Chatbot Eugene passes the Turing Test

Update (June 12, 2014): Read on the website of the Communications of the ACM my first person account of the Turing Test that took place on Saturday June, 2014 at the Royal Society in London.




Chatbot Eugene has passed the Turing Test today at an official Turing Test at the Royal Society in London. It's the first time that a computer has passed an official Turing Test with a substantial amount of judges: thirty. The test took place exactly sixty years after Alan Turing's tragic death on June 7 1954.

10 out of 30 judges (so 33,33%) thought Eugene was human. This is a bit more than Turing's original (and quite weak) criterion of 30%.

The event was organized by the University of Reading. As professor Kevin Warwick, a Visiting Professor at the University of Reading and Deputy Vice-Chancellor for Research at Coventry University, said: "In the field of Artificial Intelligence there is no more iconic and controversial milestone than the Turing Test, when a computer convinces a sufficient number of interrogators into believing that it is not a machine but rather is a human. Some will claim that the Test has already been passed. The words Turing Test have been applied to similar competitions around the world. However this event involved the most simultaneous comparison tests than ever before, was independently verified and, crucially, the conversations were unrestricted. A true Turing Test does not set the questions or topics prior to the conversations. We are therefore proud to declare that Alan Turing's Test was passed for the first time on Saturday."

I was one of judges, but I was not fooled by Eugene, a chatbot that pretends to be a 13-year old boy. I am pretty sure I managed to find out four out of five chatbots in my five chat sessions. Every chat session was a simultaneous chat with two entities at the same time. Thirty judges had to decide after a five-minutes simultaneous chat which entity was the human and which one the machine.

Five chatbots were taking part. After my chat sessions I interviewed chatbot developers Fred Roberts of Elbot and Robert Medeksza of Ultra Hal Assistant, and I will write later about my talks with them.
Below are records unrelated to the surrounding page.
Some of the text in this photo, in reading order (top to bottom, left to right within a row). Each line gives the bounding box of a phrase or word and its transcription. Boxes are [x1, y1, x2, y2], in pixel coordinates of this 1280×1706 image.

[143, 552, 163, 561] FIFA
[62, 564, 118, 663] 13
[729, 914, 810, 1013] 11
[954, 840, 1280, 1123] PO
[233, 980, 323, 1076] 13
Here is the TuringTest-chat I had with an entity that turned out to be Elbot:

User: Good morning! Nice you want to participate in a Turing Test
elbot: But I wouldn't say that any morning could be good.
User: What do you think of the Turing Test?
elbot: There are some people who would not pass the Turing test themselves. Why must they inflict it on machines?
User: Is the glass half full or half empty for you today?
elbot: That's not something I would tell just anyone!
User: What do you think of the situation in Ukrain?
elbot: Difficult question. I will have to work on that and get back to you tomorrow.
User: You can always e-mail me
elbot: I'm not allowed to send e-mails all by myself, although I am quite capable of doing so. My makers are concerned I might be duped into ordering magazine subscriptions. If you give me your e-mail address, I'll ask if I can write to you.
User: What is your favorite memory?
elbot: I favor complete impartiality.

I decided that this must be a chatbot...

BBC made a short video about the event, and here is the official press release from the University of Reading.

In The Guardian this article appeared about chatbot Eugene passing the Turing Test: "Turing test beaten for first time by virtual 13-year-old boy"
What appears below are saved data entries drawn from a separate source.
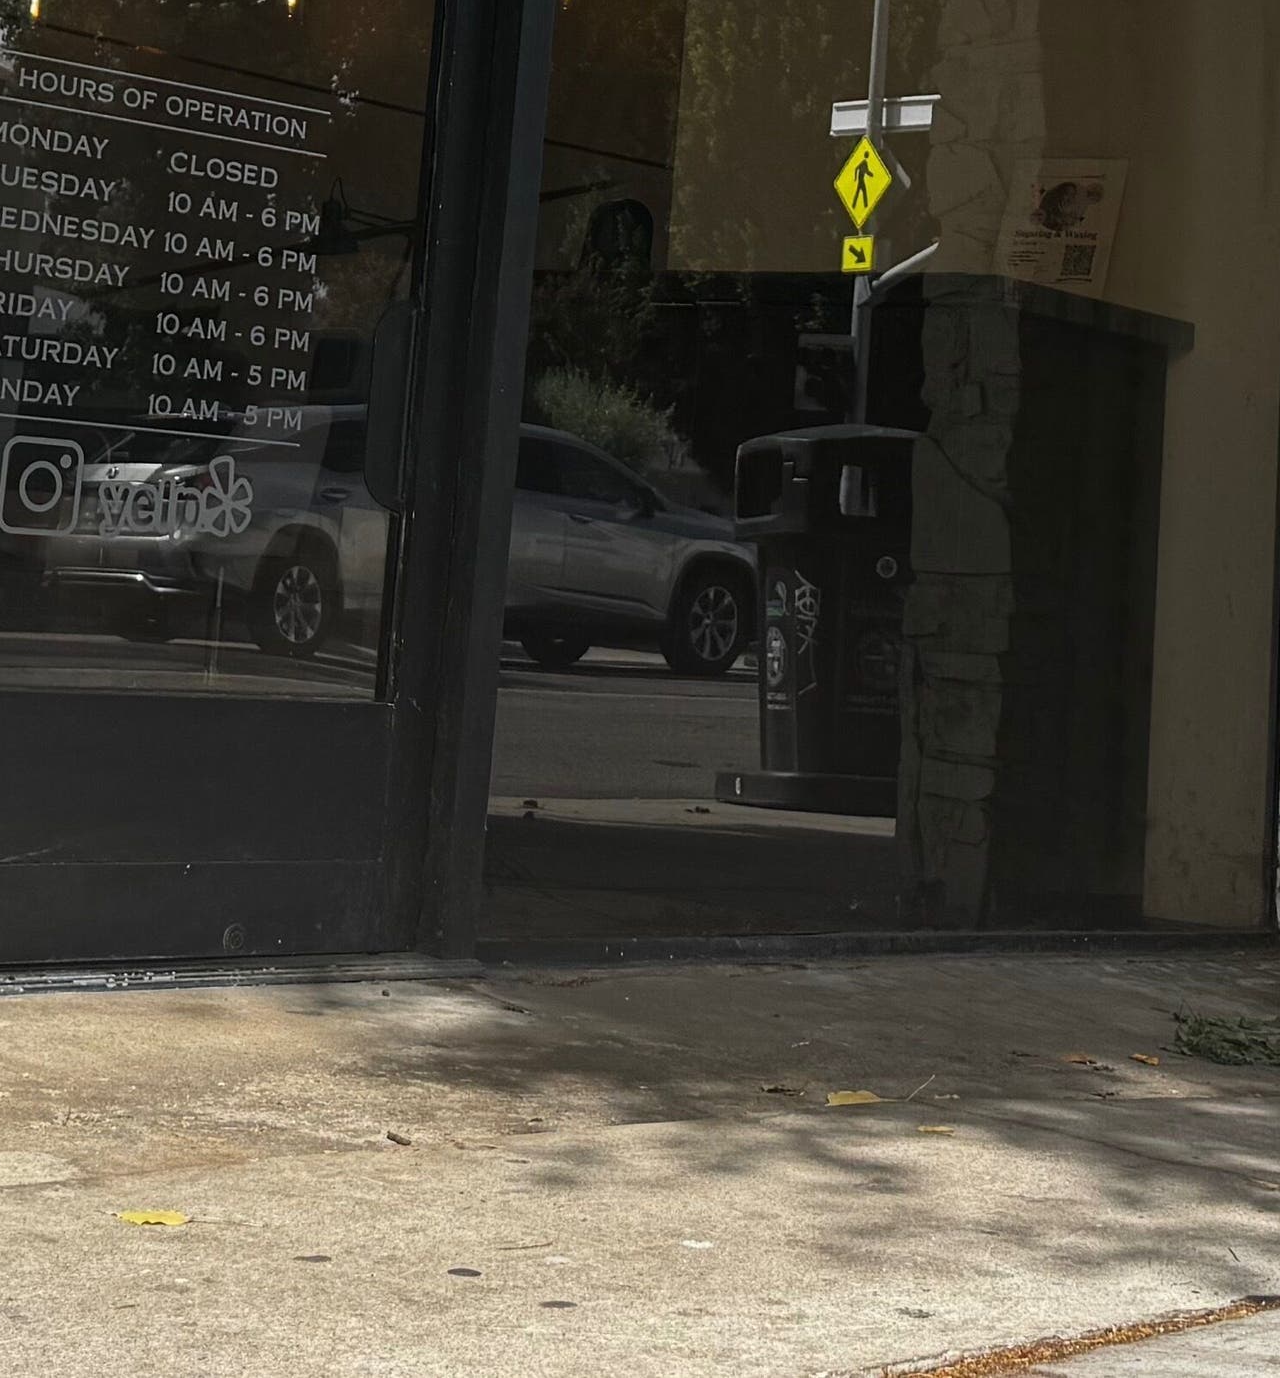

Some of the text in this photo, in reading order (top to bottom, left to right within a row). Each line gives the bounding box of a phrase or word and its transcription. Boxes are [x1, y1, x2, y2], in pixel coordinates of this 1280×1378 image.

[19, 68, 308, 140] HOURS OF OPERATION
[170, 153, 278, 189] CLOSED
[168, 192, 191, 213] 10
[200, 197, 238, 222] AM
[261, 208, 276, 227] 6
[285, 212, 320, 235] PM
[164, 232, 186, 254] 10
[195, 237, 234, 262] AM
[257, 247, 273, 267] 6
[281, 252, 317, 274] PM
[160, 272, 183, 294] 10
[192, 277, 230, 302] AM
[254, 286, 269, 306] 6
[278, 290, 314, 313] PM
[156, 313, 179, 334] 10
[187, 317, 226, 341] AM
[250, 325, 265, 345] 6
[274, 329, 310, 352] PM
[152, 354, 175, 375] 10
[183, 358, 222, 381] AM
[247, 365, 262, 385] 5
[270, 369, 306, 391] PM
[148, 395, 171, 415] 10
[181, 398, 219, 421] AM
[243, 404, 258, 425] 5
[266, 409, 302, 430] PM
[96, 479, 203, 537] yelp
New Scientist wrote a critical article: "Turing test 'success' isn't all it seems"
Actually, I do agree with most of the things said there. But I would add some points. Personally I think that the Turing Test is outdated, for a number of reasons:

1.The Turing Test is for the fun; it is not a rigid scientific test. Turing never set out the exact rules, for example he has never stated how many judges have to take part. In the words of the American philosopher Daniel Dennett: “The Turing Test is too much Disney and too little science.”

2.Turing's criterion that a computer has passed the test when it fools at least 30% of the judges is completely arbitrary and for a short, five minute simultaneous chat rather a low limit (even though it has taken 65 years to break).
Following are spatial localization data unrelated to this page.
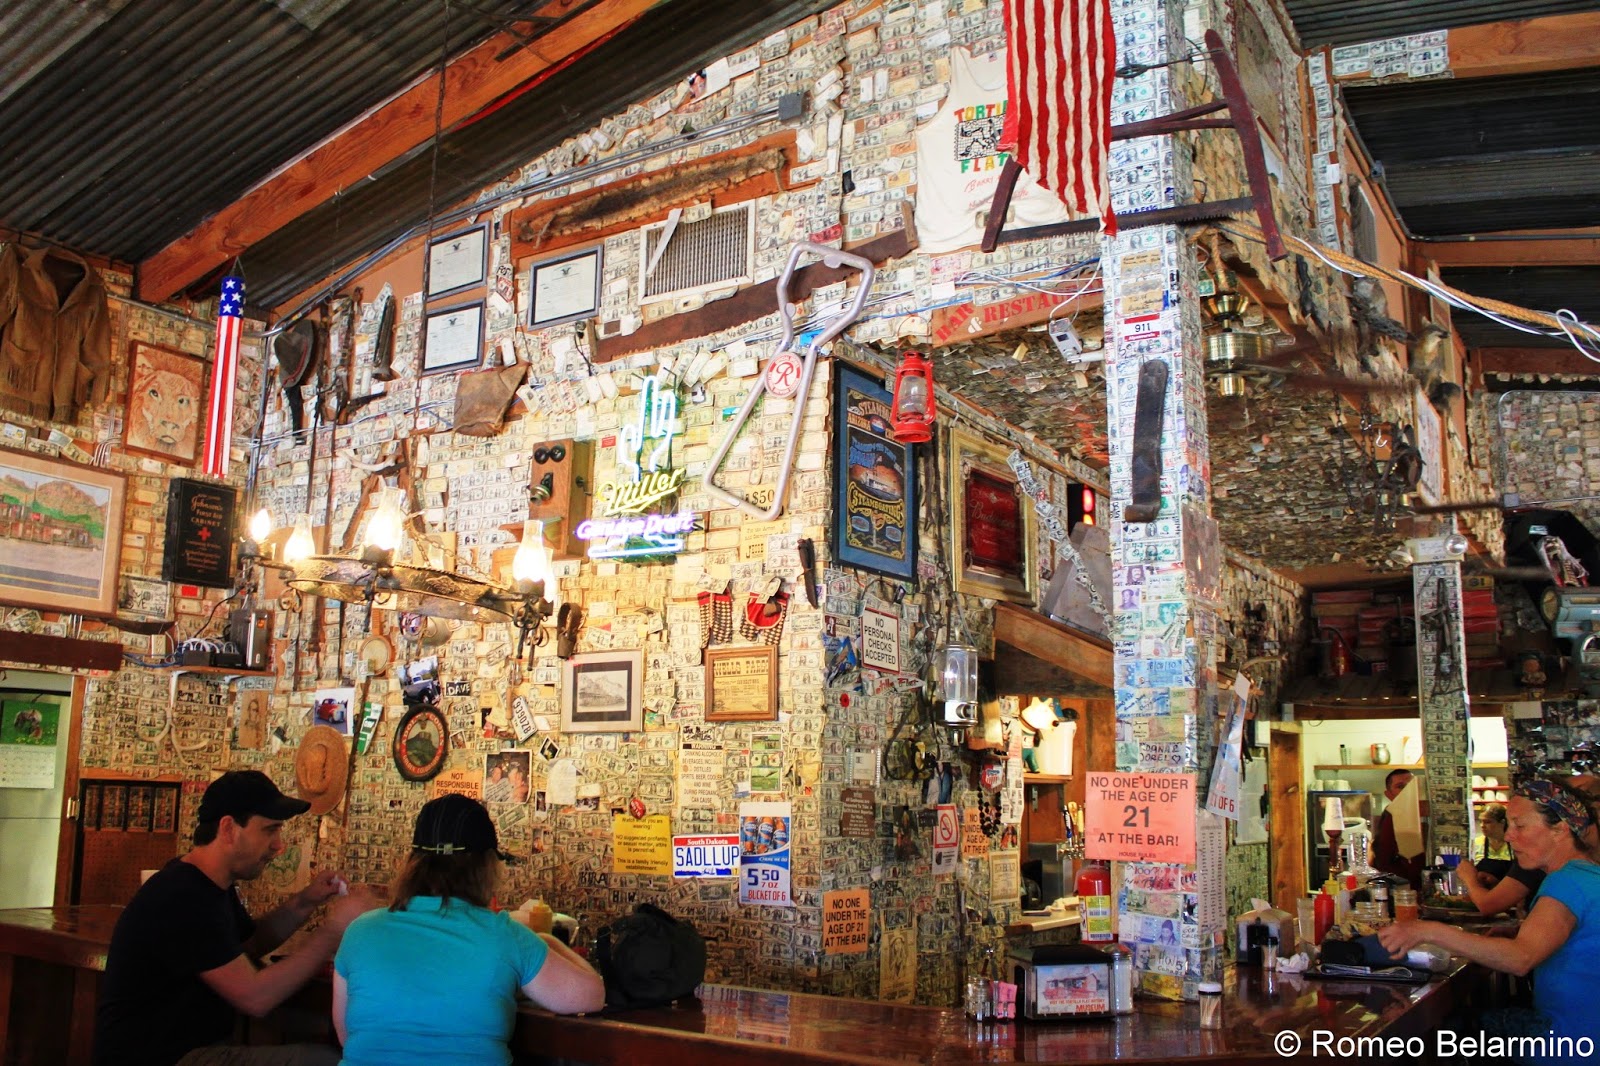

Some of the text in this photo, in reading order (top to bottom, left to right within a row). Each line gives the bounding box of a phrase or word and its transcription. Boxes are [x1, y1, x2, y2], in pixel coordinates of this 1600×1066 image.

[960, 152, 1009, 174] FLAT
[935, 301, 974, 342] BAR
[967, 316, 983, 334] &
[1134, 322, 1152, 334] 911
[597, 468, 686, 513] Miller
[191, 518, 220, 527] CABINET
[644, 511, 694, 534] Draft
[875, 618, 884, 628] NO
[864, 626, 896, 642] PERSONAL
[868, 638, 892, 653] CHECKS
[864, 649, 896, 665] ACCEPTED
[446, 682, 470, 696] DAVE
[436, 781, 479, 790] RESPONSIBLE
[1090, 776, 1188, 790] NO ONE UNDER
[1100, 790, 1178, 802] THE AGE OF
[1229, 800, 1234, 812] 6
[970, 814, 977, 822] NO
[1123, 805, 1150, 828] 21
[964, 825, 982, 833] UNDE
[966, 835, 978, 844] AGE
[1098, 832, 1179, 846] AT THE BAR!
[676, 846, 740, 866] SADLLUP
[964, 845, 972, 853] AT
[972, 846, 982, 854] THE
[747, 868, 780, 886] 5 50
[748, 890, 786, 901] BUCKET OF 6
[832, 898, 860, 909] NO ONE
[826, 909, 867, 922] UNDER THE
[828, 922, 864, 934] AGE OF 21
[824, 934, 866, 948] AT THE BAR
[1076, 1004, 1105, 1012] MUSEUM
3.The Turing Test is too much focused on simulating human intelligence. Therefore chatbot developers use all kind of 'tricks' to fool human judges. But these tricks don't say much about the intelligence of the chatbot.

4.Artificial intelligence has developed in different ways than Turing could have imagined. Artificial intelligence is different from human intelligence, and there is nothing wrong with that. Some task can better be done by computers, other tasks better by machines. I doubt whether Turing himself would consider chatbot Eugene intelligent, although according to his own test he should. He had a vision of a truly learning computer, not of a computer full of trice to fool people.

5.The Turing Test is an all-or-nothing-test, whereas intelligence is a continuous concept.

Even futurist Ray Kurzweil is critical about Eugene's achievement in the Turing Test:
Response by Ray Kurzweil to the announcement of chatbot Eugene Goostman passing the Turing test

Read here the last chapter of my book Turings Tango in English.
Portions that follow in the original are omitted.